Расставаясь с нею, упомянем еще об одном лице, в ней выведенном. Я говорю об Уленьке, дочери генерала Бетрищева, невесте Тентетникова. Писемский, цитируя то место, где Гоголь описывает ее наружность и ее необыкновенные душевные качества, находит это описание риторичным, фальшивым, ставит его ниже соответственных изображений у Марлинского и о самой героине высказывает суровое суждение, как о лице неправдоподобном и «сочиненном». Я решительно не могу согласиться с такою оценкою. Правда, изображение Уленьки проведено в приподнятом тоне; но этот тон, в данном случае, ничуть не мешает художественной правде: такие натуры, как Уленька, были и есть. Уленька Гоголя — достойная предшественница героинь Тургенева. Здесь, как и во многом другом, Гоголь наметил путь дальнейших художественных изысканий. Натура честная и чистая, пылкая и смелая, вся — восторженность и протест, Уленька воплощает в себе хорошо знакомые нам черты передовой русской женщины, и никакой «фальши» тут нет.
—
В конце предшествующей главы IX мы сказали, что второю частью «Мертвых душ» Гоголь поставил ребром вопрос о «русском человеке» и что эта постановка явилась отправною точкою некоторых сторон в творчестве последующих писателей. Теперь, после всего сказанного в этой главе, мы можем определеннее указать эти стороны. Картина провинциальной жизни (помещики, чиновники, мужики) и дореформенных порядков, начертанная Гоголем, получит дальнейшую разработку в повестях Писемского и в ранней сатире Щедрина («Губернские очерки», «Невинные рассказы»). Искание в народе «положительного типа» (у Гоголя не удавшееся) составит излюбленную мысль писателей-народников, которые подойдут к этой задаче без той предвзятой идеи, какая вдохновляла Гоголя, и без неуместной идеализации откупщиков и дельцов. Тургеневские женщины оправдают гоголевскую Уленьку. Наконец, тип лежебока Тентетникова получит новую, более обстоятельную обработку и иное освещение в знаменитом романе Гончарова, где будет опять взята тема противопоставления деловитого обрусевшего иностранца русскому лежебоку.

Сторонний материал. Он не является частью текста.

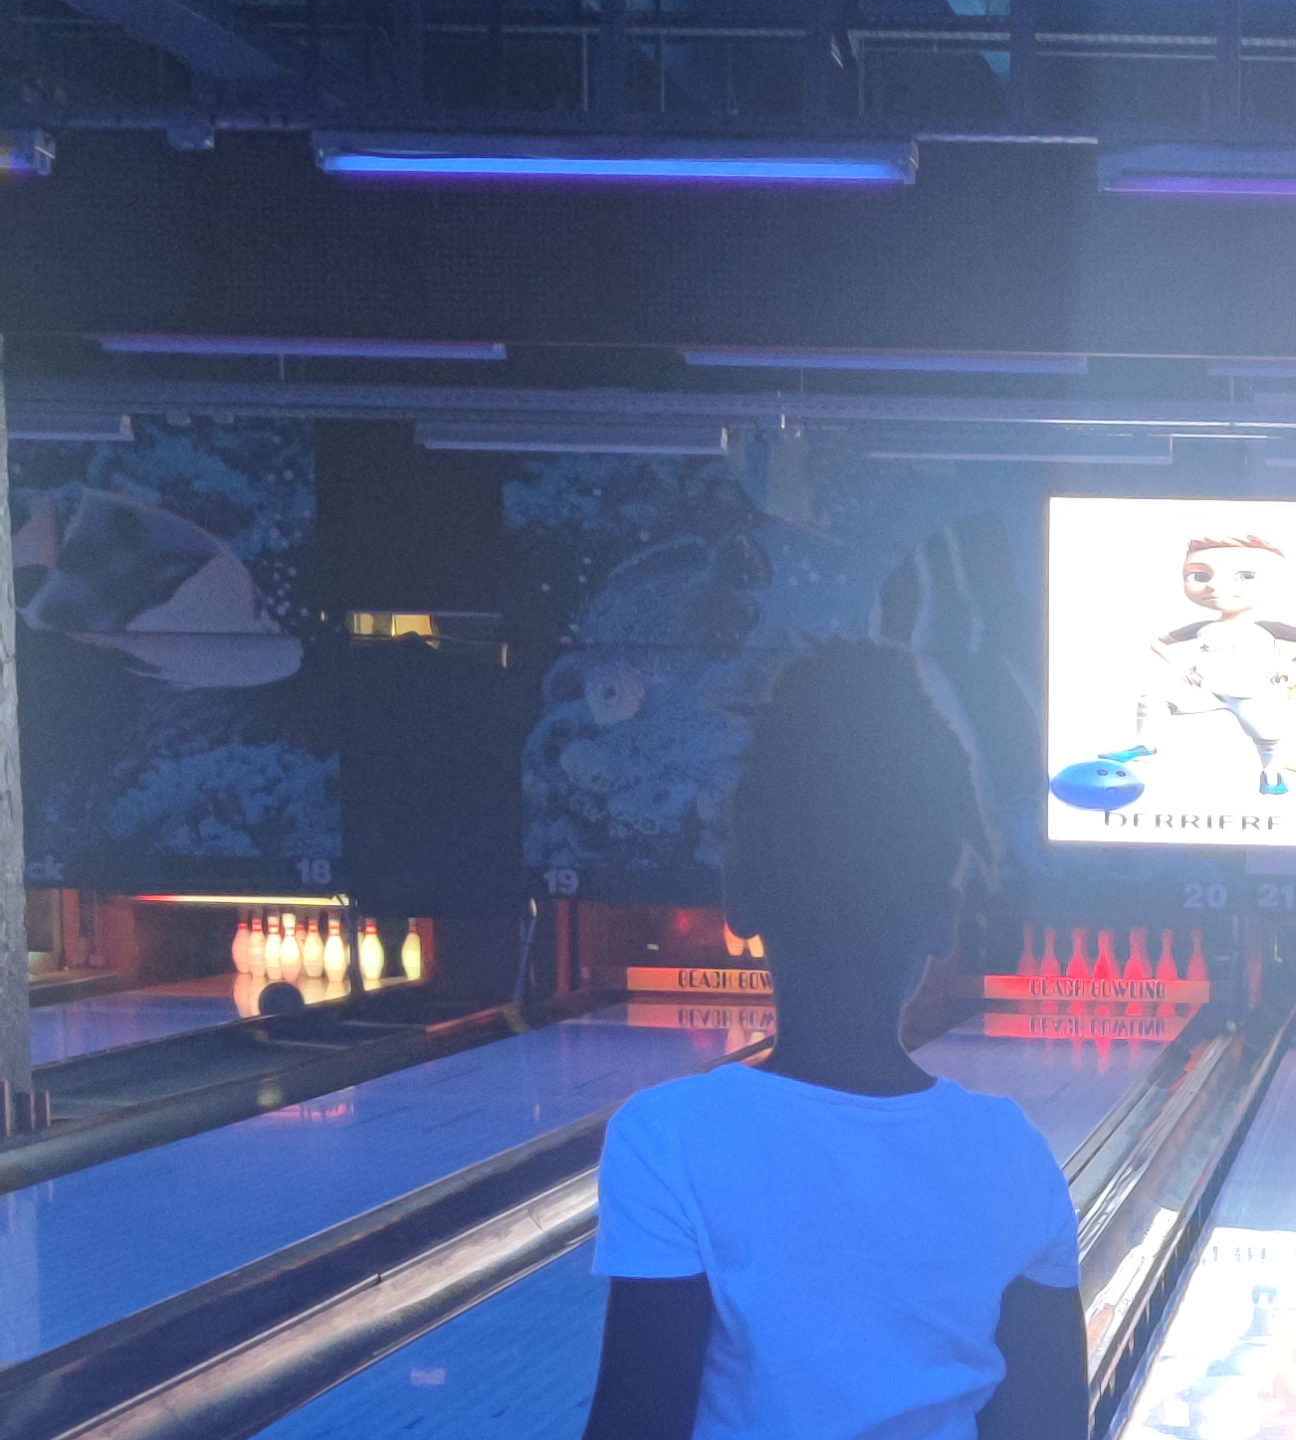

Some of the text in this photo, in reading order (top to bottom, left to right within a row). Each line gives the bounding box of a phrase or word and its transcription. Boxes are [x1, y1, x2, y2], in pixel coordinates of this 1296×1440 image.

Тип Обломова — один из самых широких в нашей художественной литературе; картина «обломовщины», нарисованная Гончаровым, доселе остается единственною в своем роде, как единственным остается критическое истолкование типа и картины, сделанное Добролюбовым в знаменитой статье «Что такое обломовщина?».
Романом Гончарова, преимущественно фигурою Ильи Ильича Обломова, и статьей Добролюбова был в свое время подведен итог целой эпохе. Рассмотрению и проверке этого итога мы посвятим следующую главу.